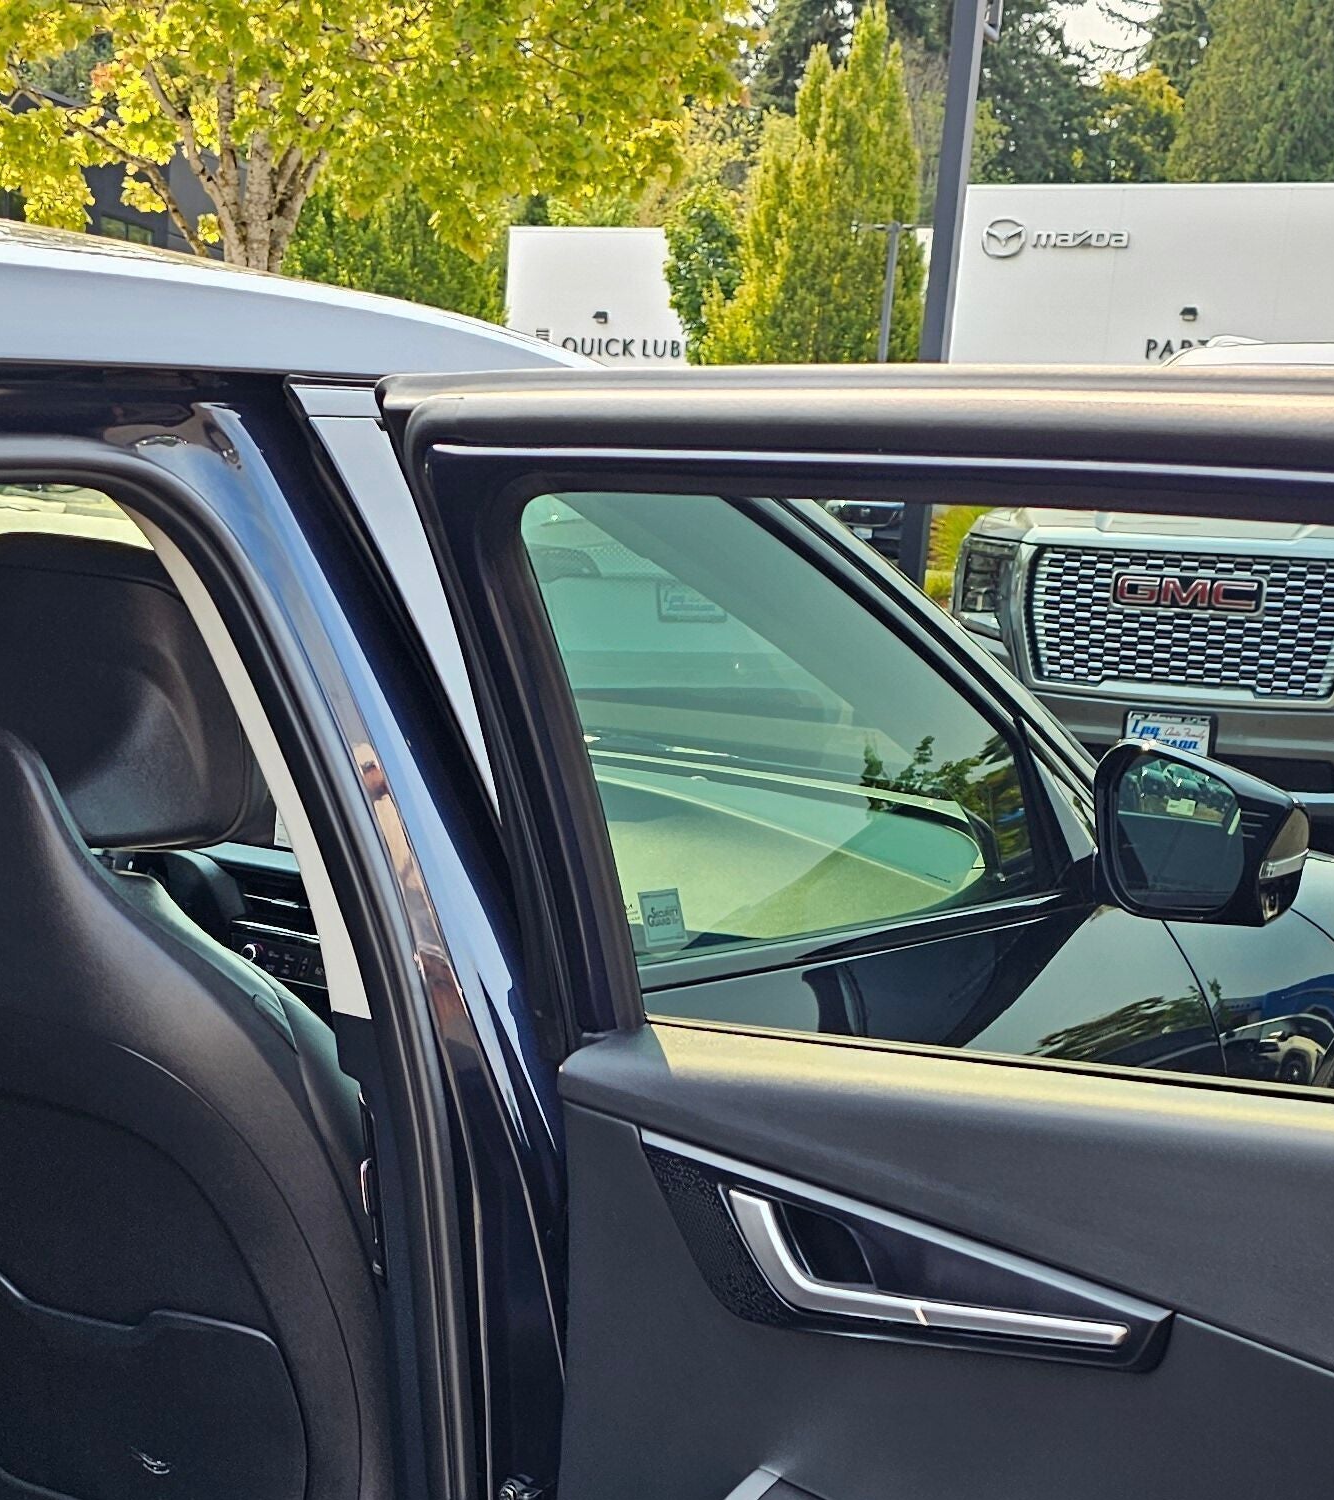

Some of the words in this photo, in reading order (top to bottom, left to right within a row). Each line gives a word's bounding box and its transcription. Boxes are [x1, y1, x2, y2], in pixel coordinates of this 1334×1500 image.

[1031, 230, 1130, 248] mazda
[562, 337, 636, 358] QUICK
[642, 338, 688, 358] LUB
[1117, 574, 1258, 611] GMC

------------------------

» **WORK ITEM**: Starting at the first entry above and ending at the last, write everything out exactly except the pictures.

» **ANSWER TO THE PROBLEM**:
Some of the words in this photo, in reading order (top to bottom, left to right within a row). Each line gives a word's bounding box and its transcription. Boxes are [x1, y1, x2, y2], in pixel coordinates of this 1334×1500 image.

[1031, 230, 1130, 248] mazda
[562, 337, 636, 358] QUICK
[642, 338, 688, 358] LUB
[1117, 574, 1258, 611] GMC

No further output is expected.